Cross-posted at Reports from the Economic Front.

Market advocates have had their way for years now and one of the consequences has been the growing dominance of industry after industry by a select few powerful corporations.  In short, unchecked competition can and does produce its opposite: monopoly.

As John Bellamy Foster, Robert W. McChesney, and R. Jamil Jonna explain:

This [development] is anything but an academic concern. The economic defense of capitalism is premised on the ubiquity of competitive markets, providing for the rational allocation of scarce resources and justifying the existing distribution of incomes. The political defense of capitalism is that economic power is diffuse and cannot be aggregated in such a manner as to have undue influence over the democratic state. Both of these core claims for capitalism are demolished if monopoly, rather than competition, is the rule.

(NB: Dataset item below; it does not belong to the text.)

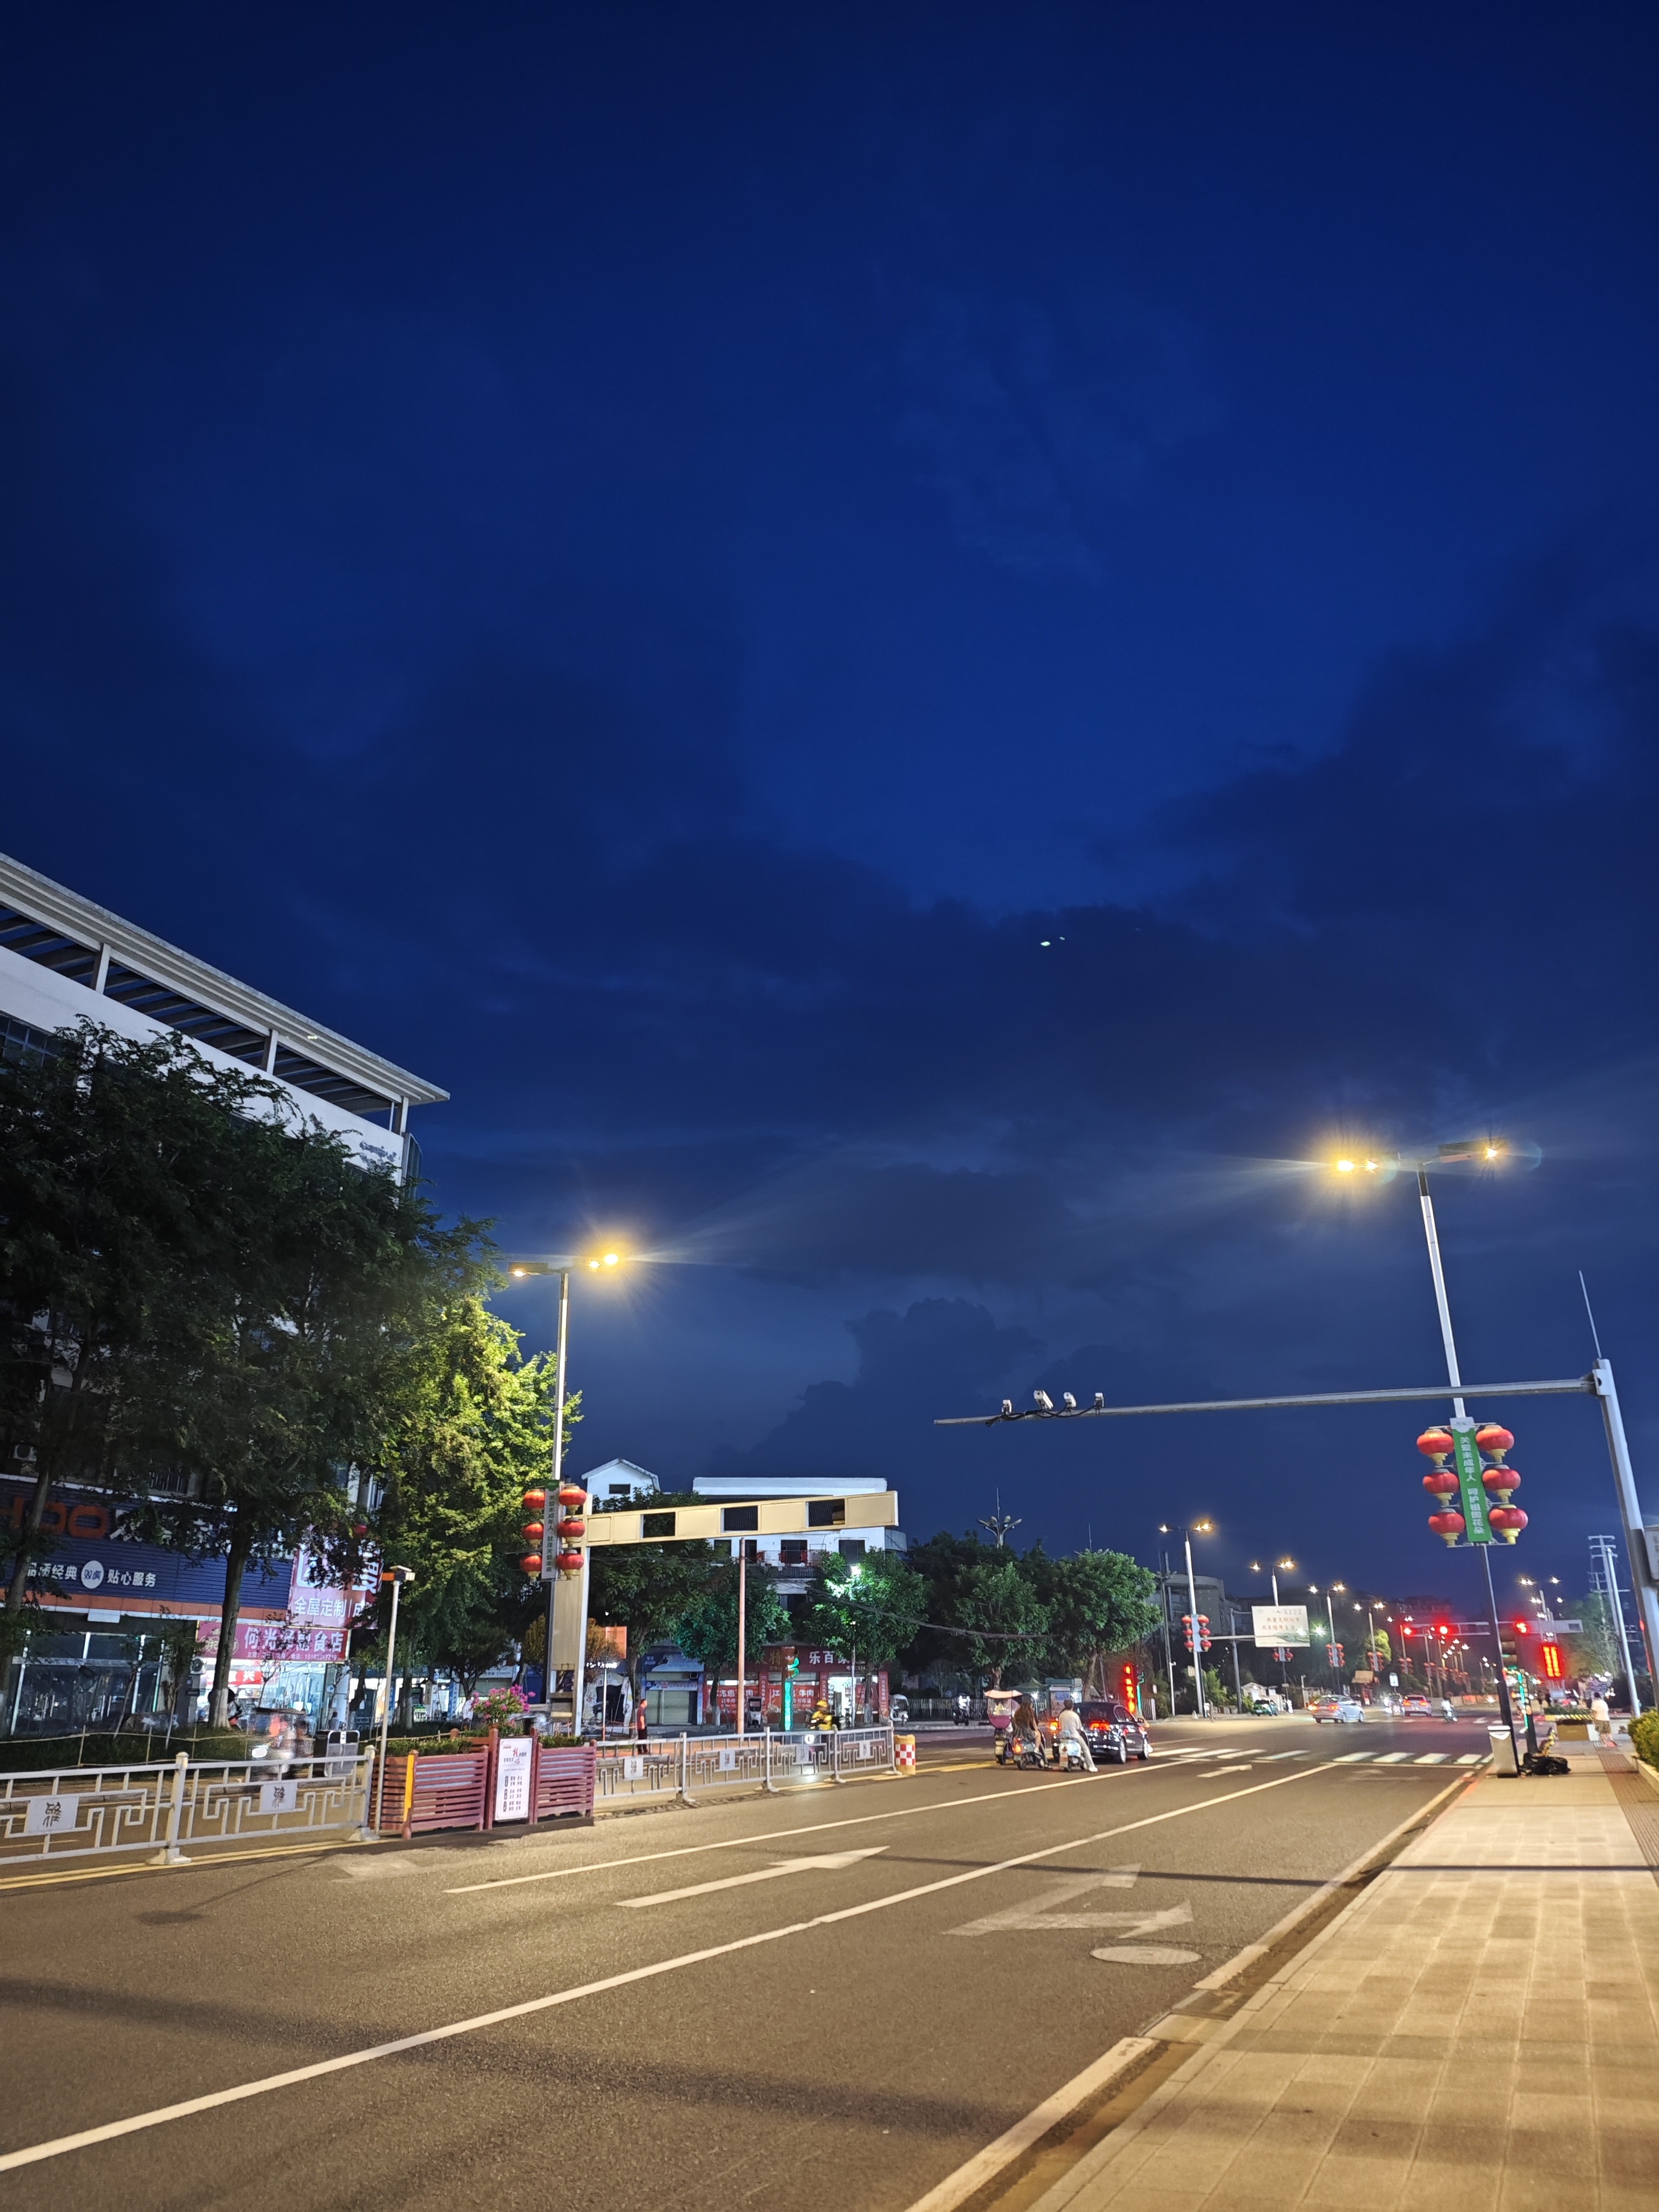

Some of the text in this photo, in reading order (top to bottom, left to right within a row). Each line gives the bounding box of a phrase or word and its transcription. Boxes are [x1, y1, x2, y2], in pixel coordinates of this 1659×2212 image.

[107, 1569, 157, 1588] 贴心服务
[294, 1596, 347, 1618] 全屋定制
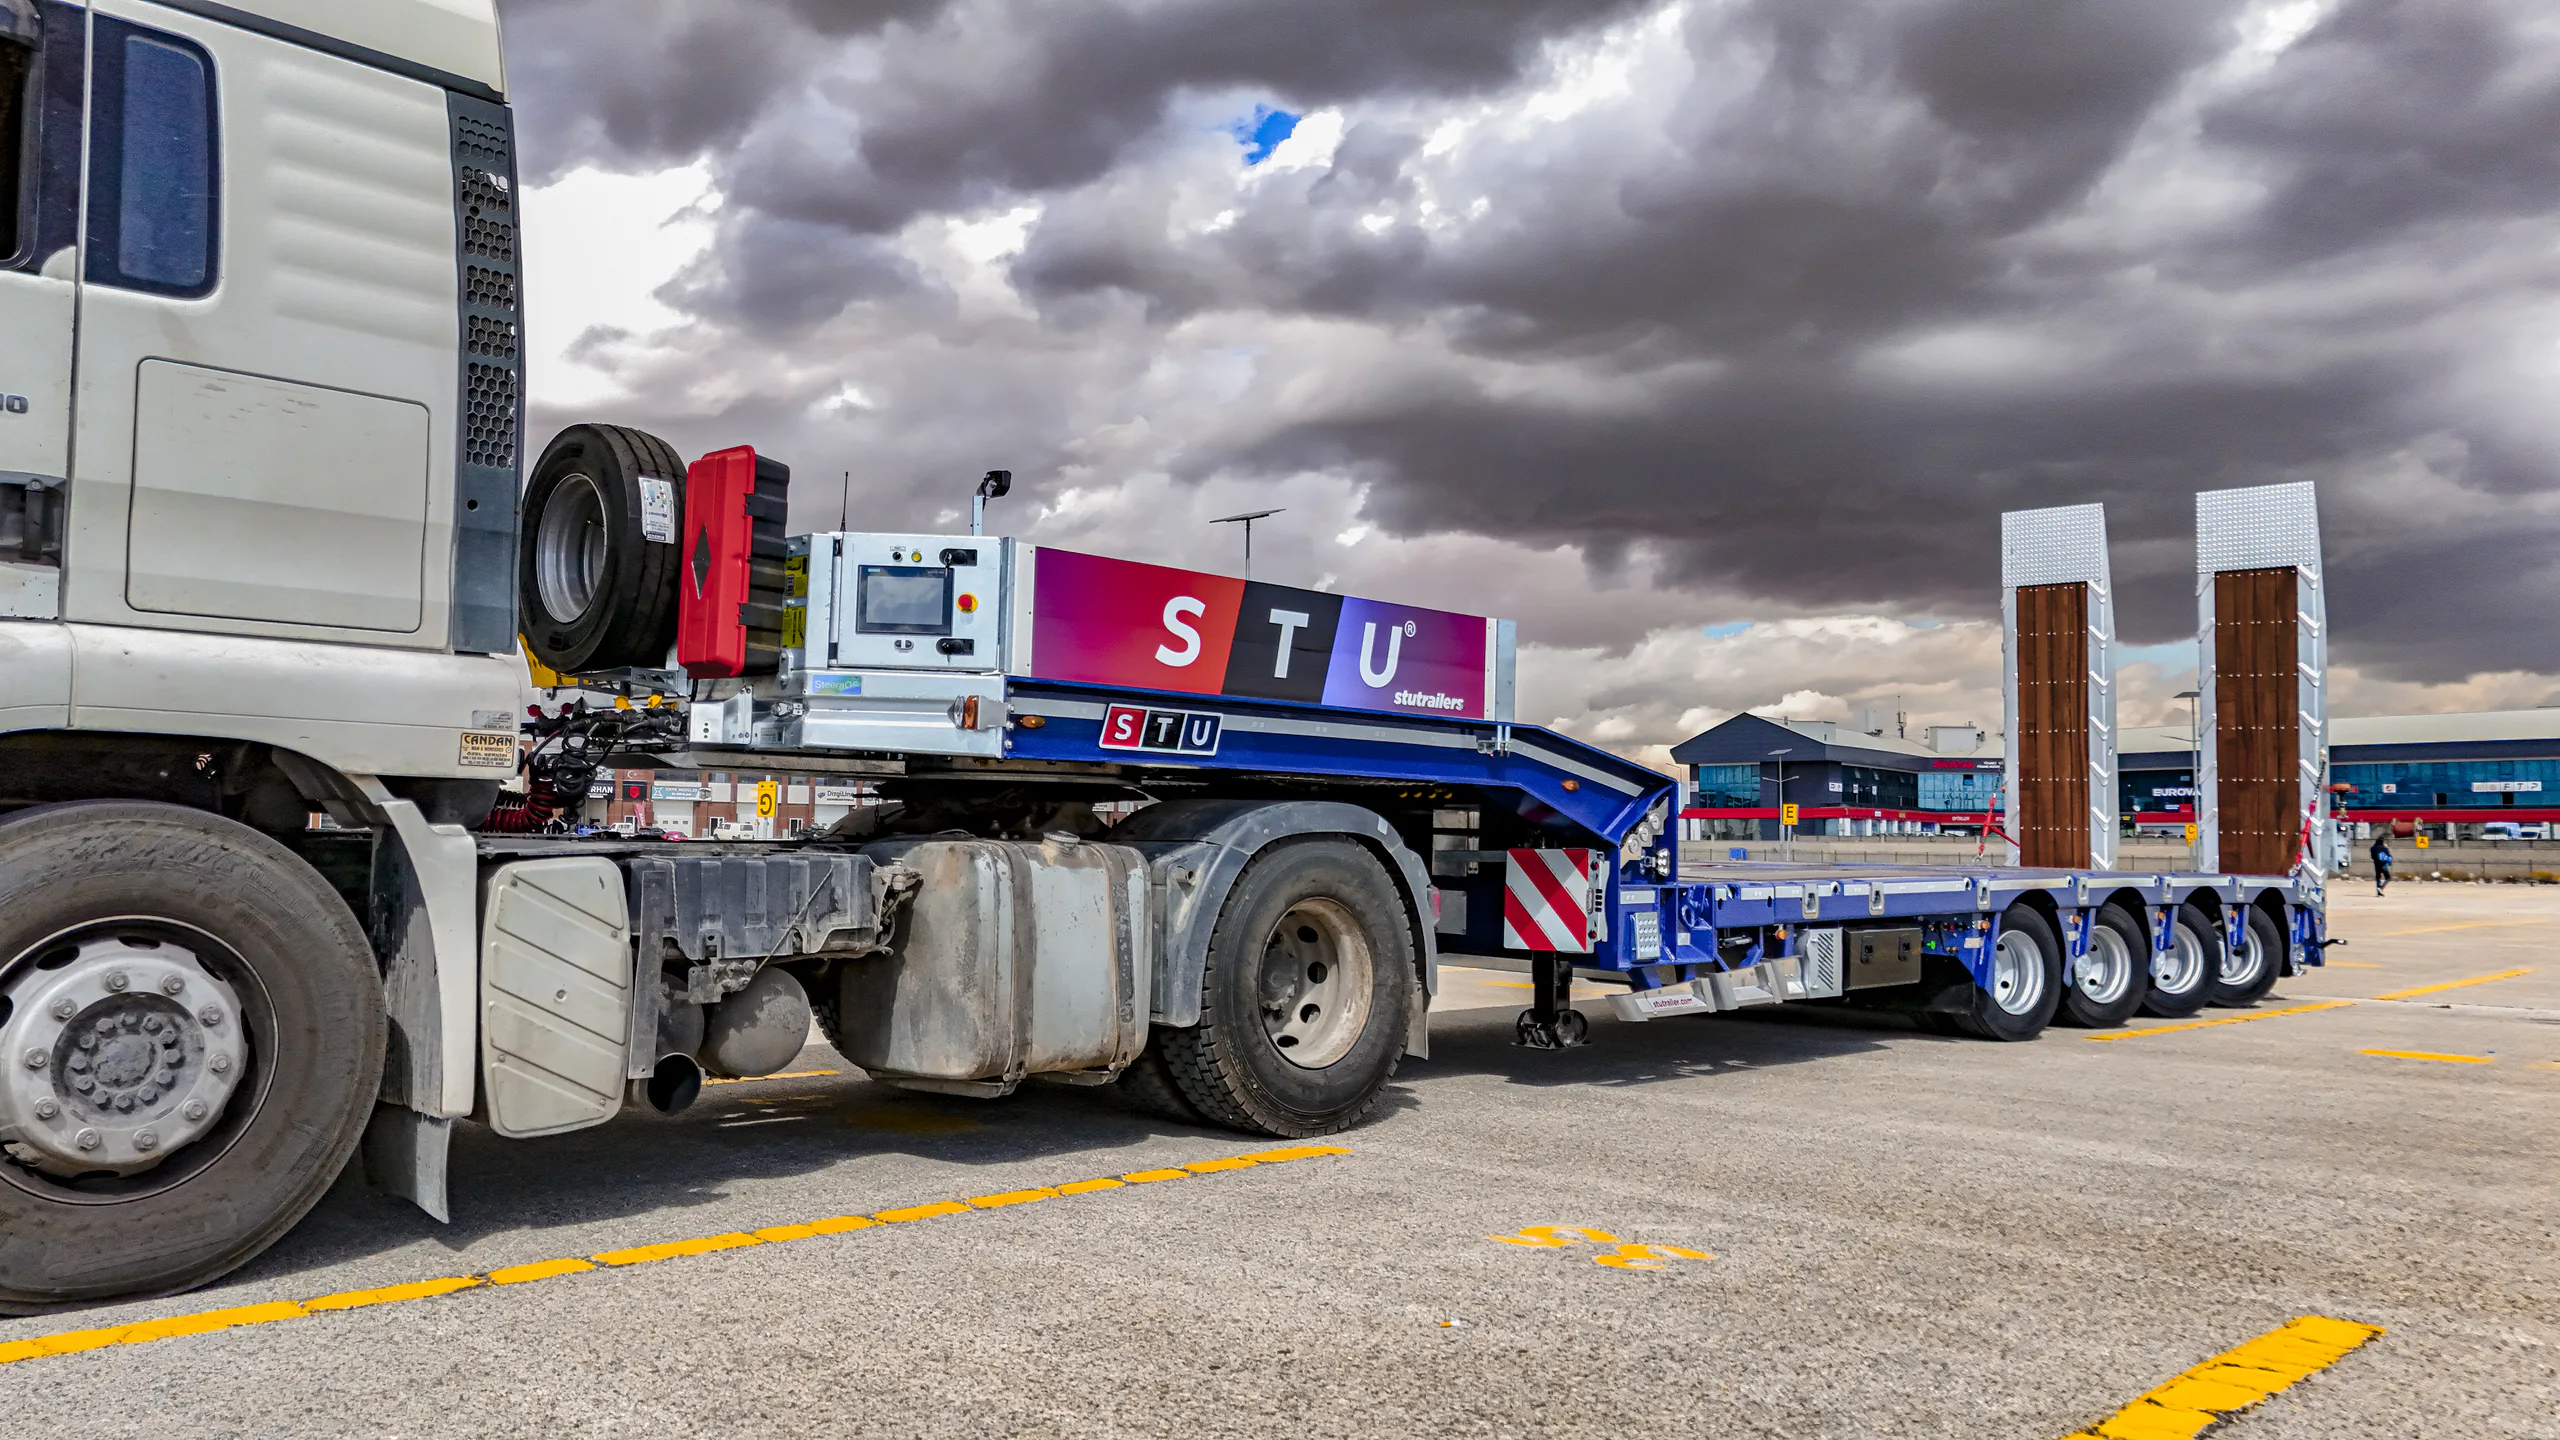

The chart below highlights the rise, especially since the 1980s, in both the number and percentage of U.S. manufacturing industries in which four firms account for more than 50% of sales.

Number and Percentage of U.S. Manufacturing Industries in which Largest Four Companies Accounted for at Least 50 Percent of Shipment Value in Their Industries, 1947-2007:

As the table below shows, the concentration of market power is not confined to manufacturing.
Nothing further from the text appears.